Bei hoher Verschuldung sind höhere Zinsen besonders problematisch. Ein Prozentpunkt höhere Zinsen bedeuten in vielen Ländern Mehrausgaben für die Zinsen in der Höhe von 1-1,5 % der Wirtschaftsleistung. Um sich dies leisten zu können, müssten alle anderen Ausgaben um 2-5 % sinken. Staatsausgaben, die um 5 % sinken, sind kaum vorstellbar. Eindrücklich zeigen dies die USA. Die Staatsfinanzen sind nicht nachhaltig. Jeder weiß es. Alle ignorieren es souverän.

Damit es nicht zum Teufelskreis kommt und höhere Zinsen nur durch noch höhere Schulden finanziert werden können, die wiederum zu höheren Zinsen führen, muss etwas geschehen. Ausgabendisziplin ist nicht erkennbar. Um diese zu erzwingen, ist die Lage noch nicht dramatisch genug. Ist die Lage erst dramatisch, kann die Notenbank aushelfen. Es wäre nicht das erste Mal.

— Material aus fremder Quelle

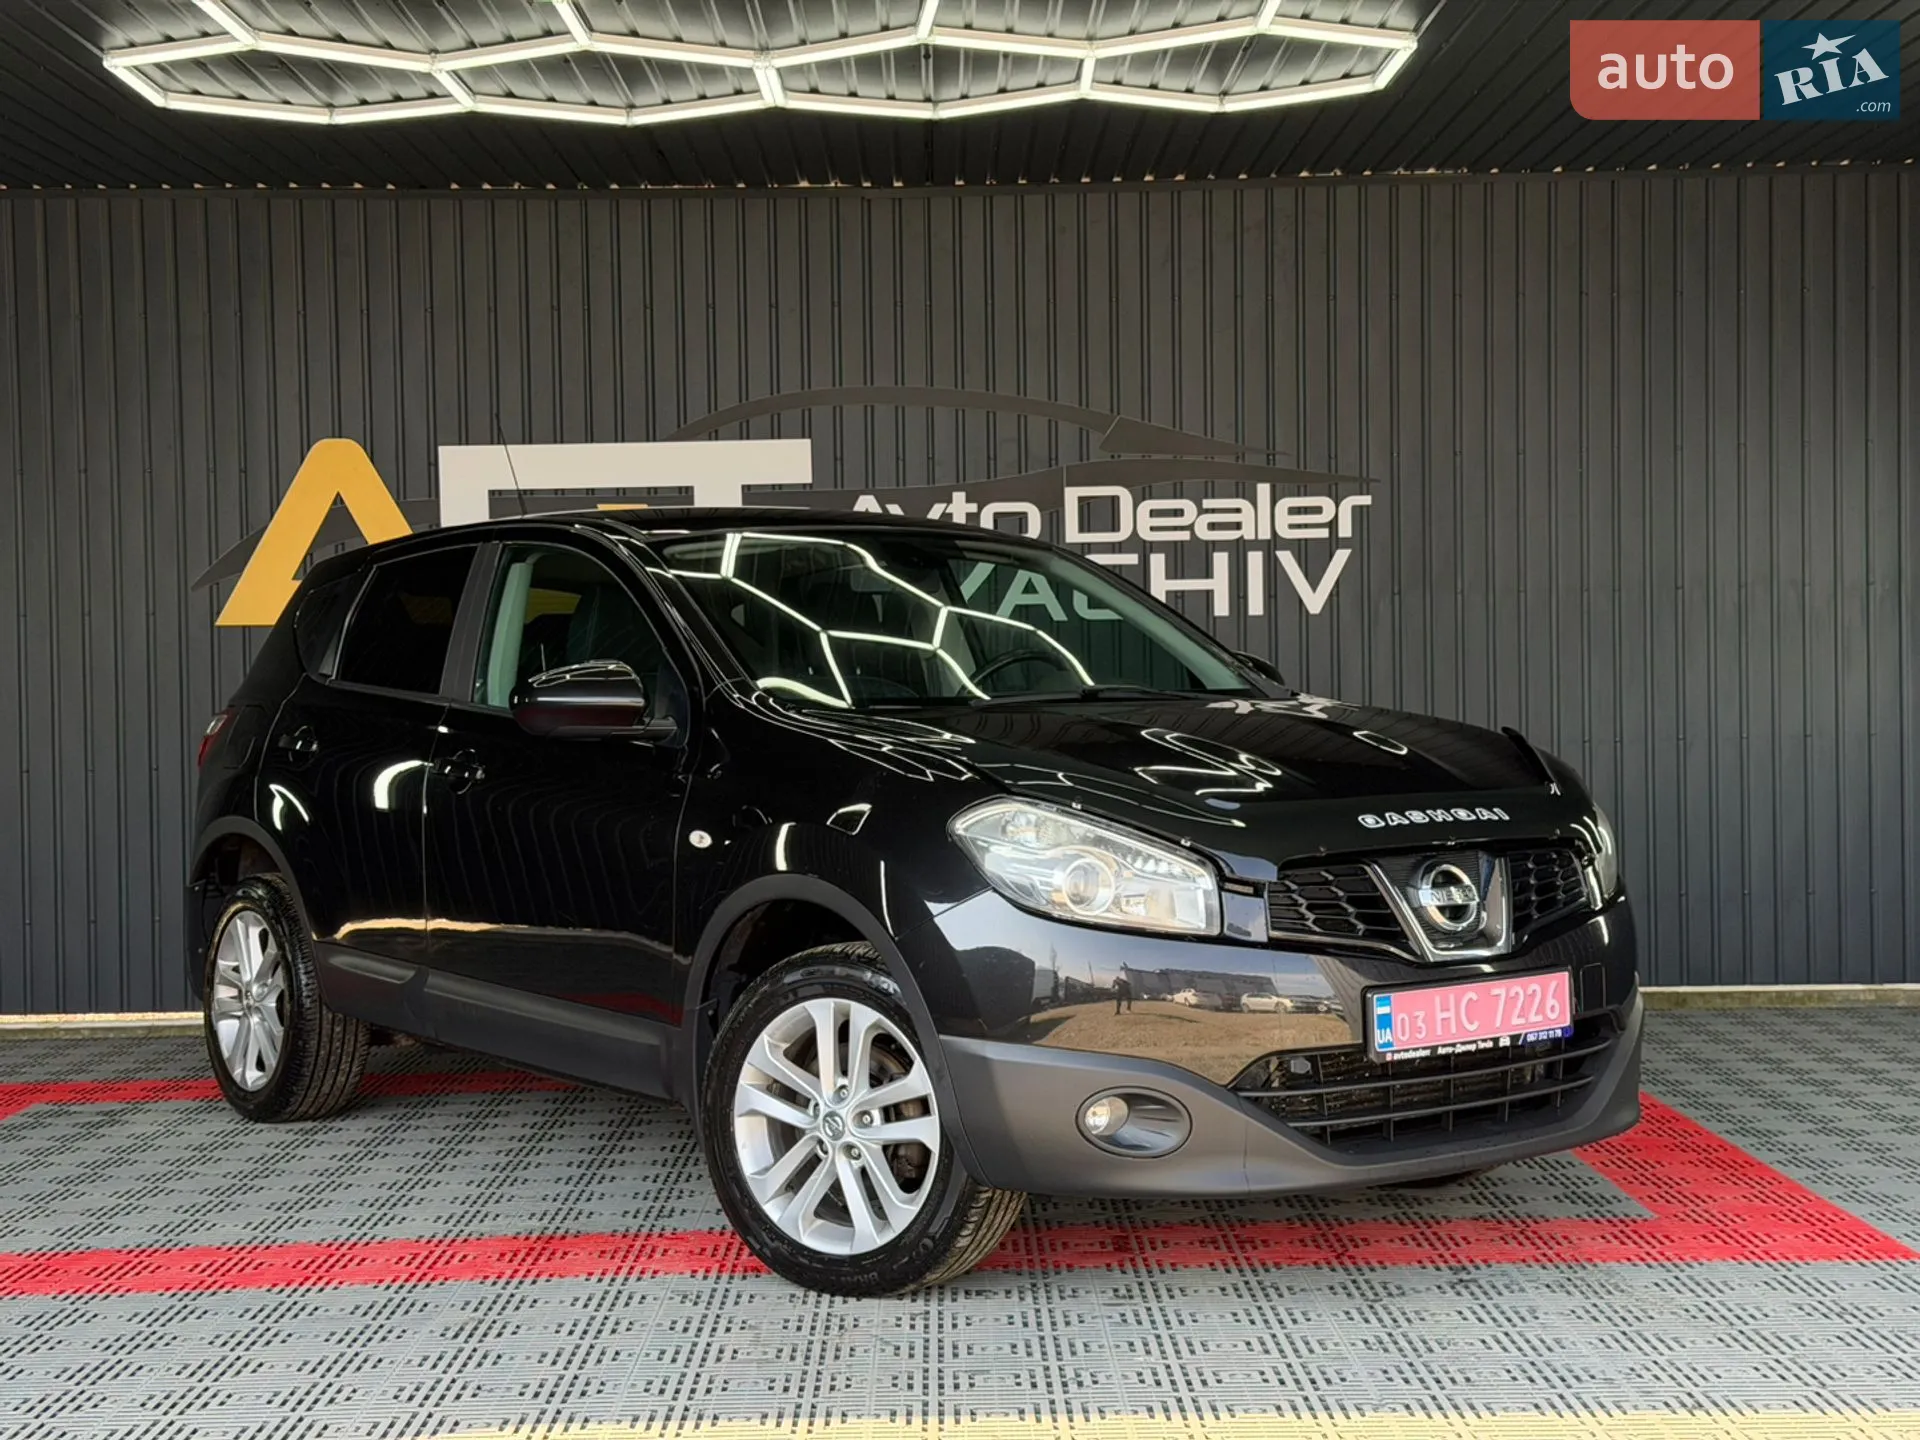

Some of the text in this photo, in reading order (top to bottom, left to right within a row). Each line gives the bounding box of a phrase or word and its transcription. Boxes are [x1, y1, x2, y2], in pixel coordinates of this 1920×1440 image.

[1064, 483, 1372, 543] Dealer
[1358, 807, 1511, 828] QASHQAI
[1397, 980, 1561, 1042] 03 HC 7226
[1377, 1028, 1393, 1044] UA

Die längste und konsistenteste Datenbasis gibt es für Großbritannien und die USA. Großbritannien hat drei große Zyklen durchgemacht. Während des ersten Zyklus waren die Zinsen praktisch festgesetzt (Anfang des 19. Jahrhunderts). In der ersten Hälfte des 20. Jahrhunderts, vor allem während des Zweiten Weltkrieges, hielt die Notenbank die Zinsen auf niedrigem Niveau (Grafik 2). Um den aktuellen Zyklus zu beurteilen, ist es noch zu früh.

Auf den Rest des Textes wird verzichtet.